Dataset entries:
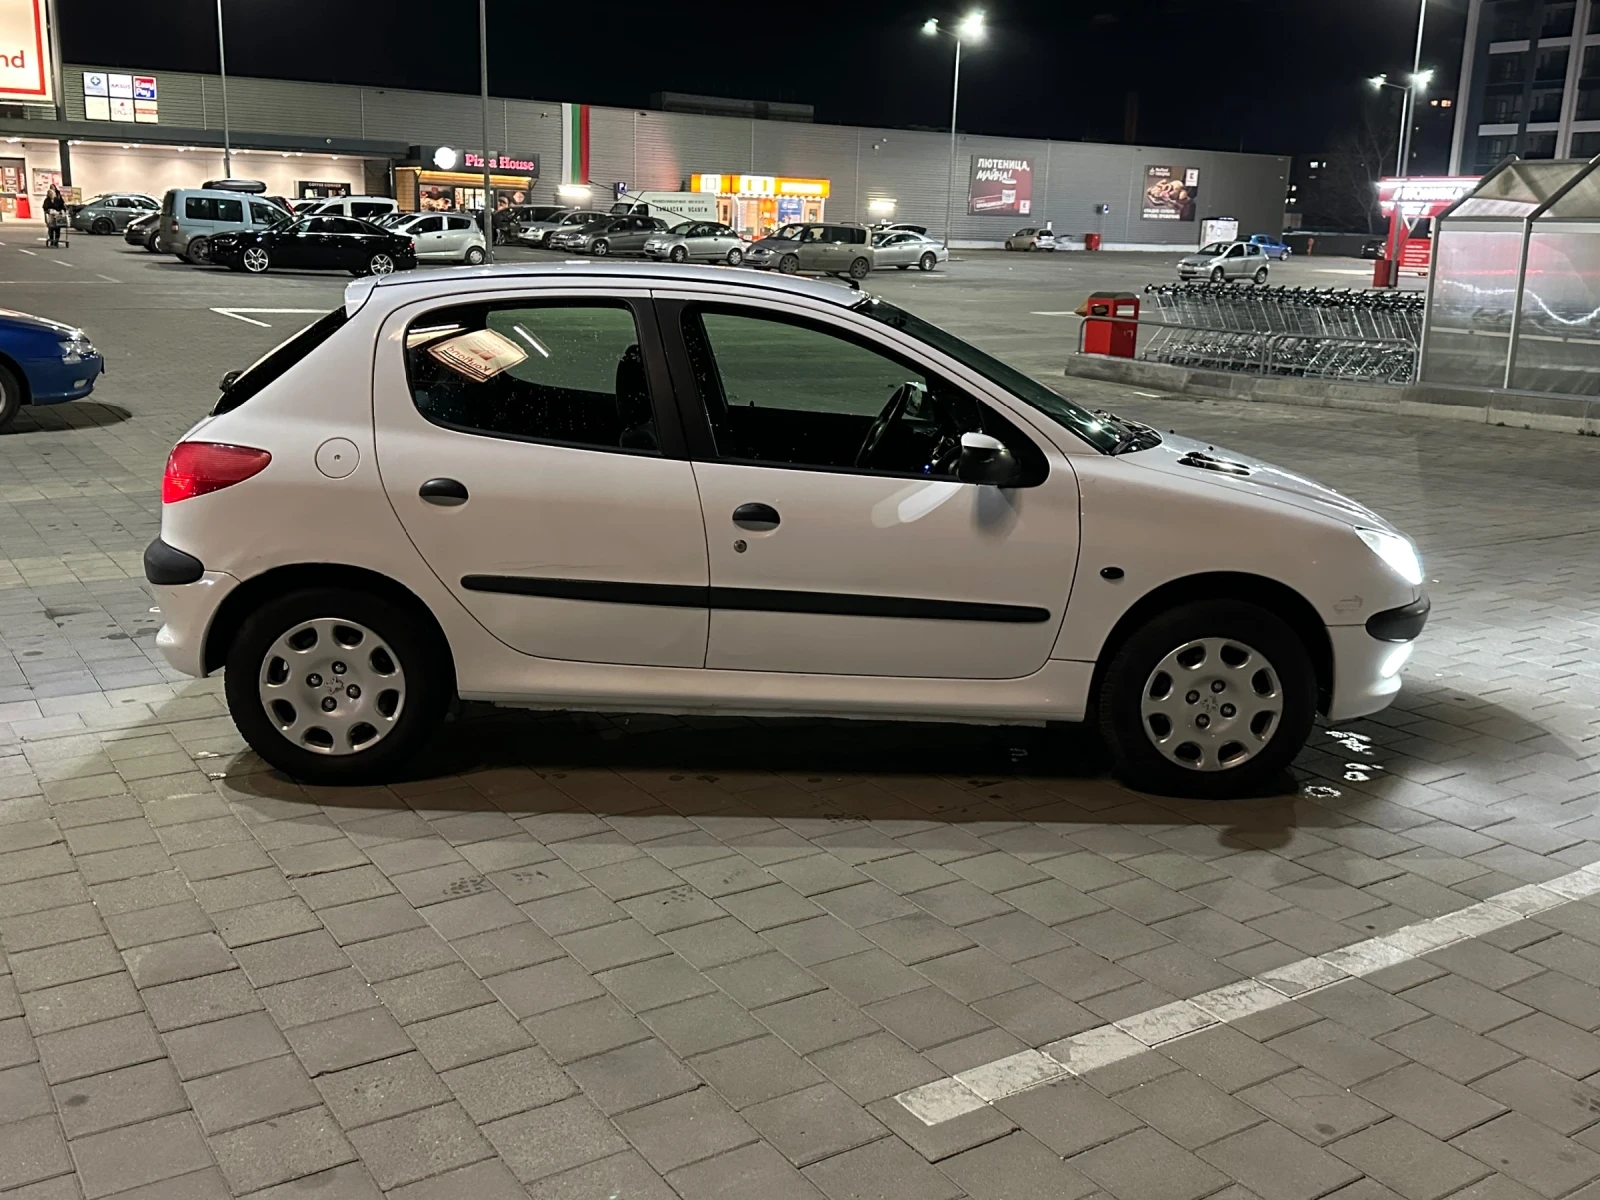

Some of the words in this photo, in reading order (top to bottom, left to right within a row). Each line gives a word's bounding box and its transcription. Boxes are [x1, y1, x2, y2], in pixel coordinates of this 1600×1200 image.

[136, 80, 154, 91] Easy
[136, 88, 151, 98] Pay
[465, 154, 498, 168] Piza
[499, 156, 534, 170] House
[978, 158, 1030, 172] ЛЮТЕНИЦА,
[976, 168, 1012, 182] МАЙНА!
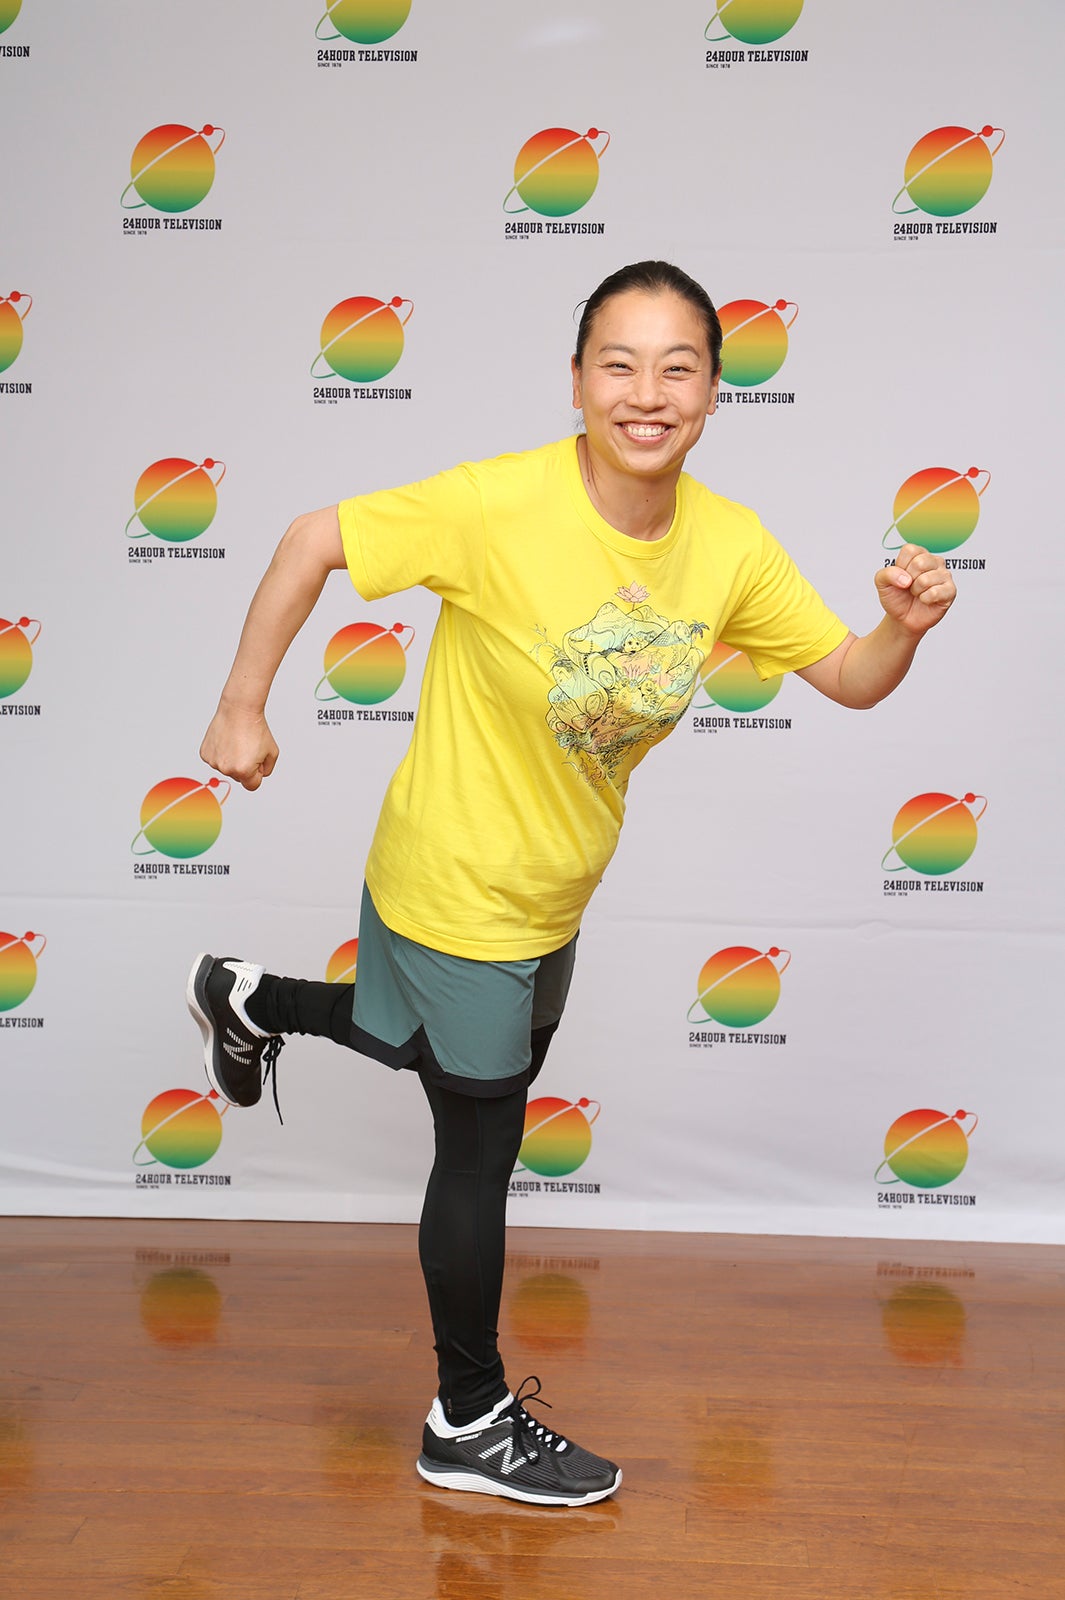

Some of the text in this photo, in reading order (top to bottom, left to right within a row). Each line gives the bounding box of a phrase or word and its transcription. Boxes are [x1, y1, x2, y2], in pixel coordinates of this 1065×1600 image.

Problem description: Repeat each record exactly as shown above, dropping all images.

Worked solution:
Some of the words in this photo, in reading order (top to bottom, left to right within a row). Each line gives a word's bounding box and its transcription. Boxes are [x1, y1, x2, y2], in pixel coordinates of this 1600×1200 image.

[136, 80, 154, 91] Easy
[136, 88, 151, 98] Pay
[465, 154, 498, 168] Piza
[499, 156, 534, 170] House
[978, 158, 1030, 172] ЛЮТЕНИЦА,
[976, 168, 1012, 182] МАЙНА!

Some of the text in this photo, in reading order (top to bottom, left to right within a row). Each line gives the bounding box of a phrase or word and its transcription. Boxes are [x1, y1, x2, y2], in pixel coordinates of this 1065×1600 image.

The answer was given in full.